> [PROBLEM REQUIREMENTS]: Output exactly the lines from the one holding "this 1880×1248 image." through the final line of the entries.
╔══
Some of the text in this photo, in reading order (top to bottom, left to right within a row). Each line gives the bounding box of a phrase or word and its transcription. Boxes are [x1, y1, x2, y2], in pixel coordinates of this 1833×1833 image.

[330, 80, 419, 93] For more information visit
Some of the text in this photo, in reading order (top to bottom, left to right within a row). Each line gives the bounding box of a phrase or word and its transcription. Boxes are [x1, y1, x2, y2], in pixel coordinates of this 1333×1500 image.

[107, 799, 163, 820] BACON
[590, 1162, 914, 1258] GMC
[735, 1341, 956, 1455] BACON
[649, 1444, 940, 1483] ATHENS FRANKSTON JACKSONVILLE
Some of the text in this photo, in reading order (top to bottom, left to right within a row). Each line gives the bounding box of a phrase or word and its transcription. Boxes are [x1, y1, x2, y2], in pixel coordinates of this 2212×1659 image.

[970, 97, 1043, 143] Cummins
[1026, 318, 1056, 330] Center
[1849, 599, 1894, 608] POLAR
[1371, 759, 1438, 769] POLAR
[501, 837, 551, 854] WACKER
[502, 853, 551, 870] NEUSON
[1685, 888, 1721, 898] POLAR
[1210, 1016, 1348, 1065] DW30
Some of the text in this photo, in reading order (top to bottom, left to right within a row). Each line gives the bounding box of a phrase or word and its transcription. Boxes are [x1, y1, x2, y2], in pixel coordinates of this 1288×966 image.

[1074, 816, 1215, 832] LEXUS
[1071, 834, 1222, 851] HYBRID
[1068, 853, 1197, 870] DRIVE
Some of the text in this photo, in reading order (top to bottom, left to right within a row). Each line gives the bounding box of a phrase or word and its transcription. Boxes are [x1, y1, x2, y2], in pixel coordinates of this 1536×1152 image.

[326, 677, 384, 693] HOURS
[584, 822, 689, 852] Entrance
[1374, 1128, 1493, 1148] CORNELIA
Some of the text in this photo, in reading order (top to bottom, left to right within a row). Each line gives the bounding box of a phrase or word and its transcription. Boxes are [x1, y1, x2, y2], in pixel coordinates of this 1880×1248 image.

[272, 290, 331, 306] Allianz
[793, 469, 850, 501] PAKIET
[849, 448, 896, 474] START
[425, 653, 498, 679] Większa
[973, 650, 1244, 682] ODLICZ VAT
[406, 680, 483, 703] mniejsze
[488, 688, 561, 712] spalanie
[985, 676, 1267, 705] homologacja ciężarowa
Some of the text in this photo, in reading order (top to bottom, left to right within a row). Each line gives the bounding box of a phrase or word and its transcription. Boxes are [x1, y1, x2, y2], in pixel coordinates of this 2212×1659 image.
╚══
> [TASK ANSWER]:
Some of the text in this photo, in reading order (top to bottom, left to right within a row). Each line gives the bounding box of a phrase or word and its transcription. Boxes are [x1, y1, x2, y2], in pixel coordinates of this 1880×1248 image.

[272, 290, 331, 306] Allianz
[793, 469, 850, 501] PAKIET
[849, 448, 896, 474] START
[425, 653, 498, 679] Większa
[973, 650, 1244, 682] ODLICZ VAT
[406, 680, 483, 703] mniejsze
[488, 688, 561, 712] spalanie
[985, 676, 1267, 705] homologacja ciężarowa
Some of the text in this photo, in reading order (top to bottom, left to right within a row). Each line gives the bounding box of a phrase or word and its transcription. Boxes are [x1, y1, x2, y2], in pixel coordinates of this 2212×1659 image.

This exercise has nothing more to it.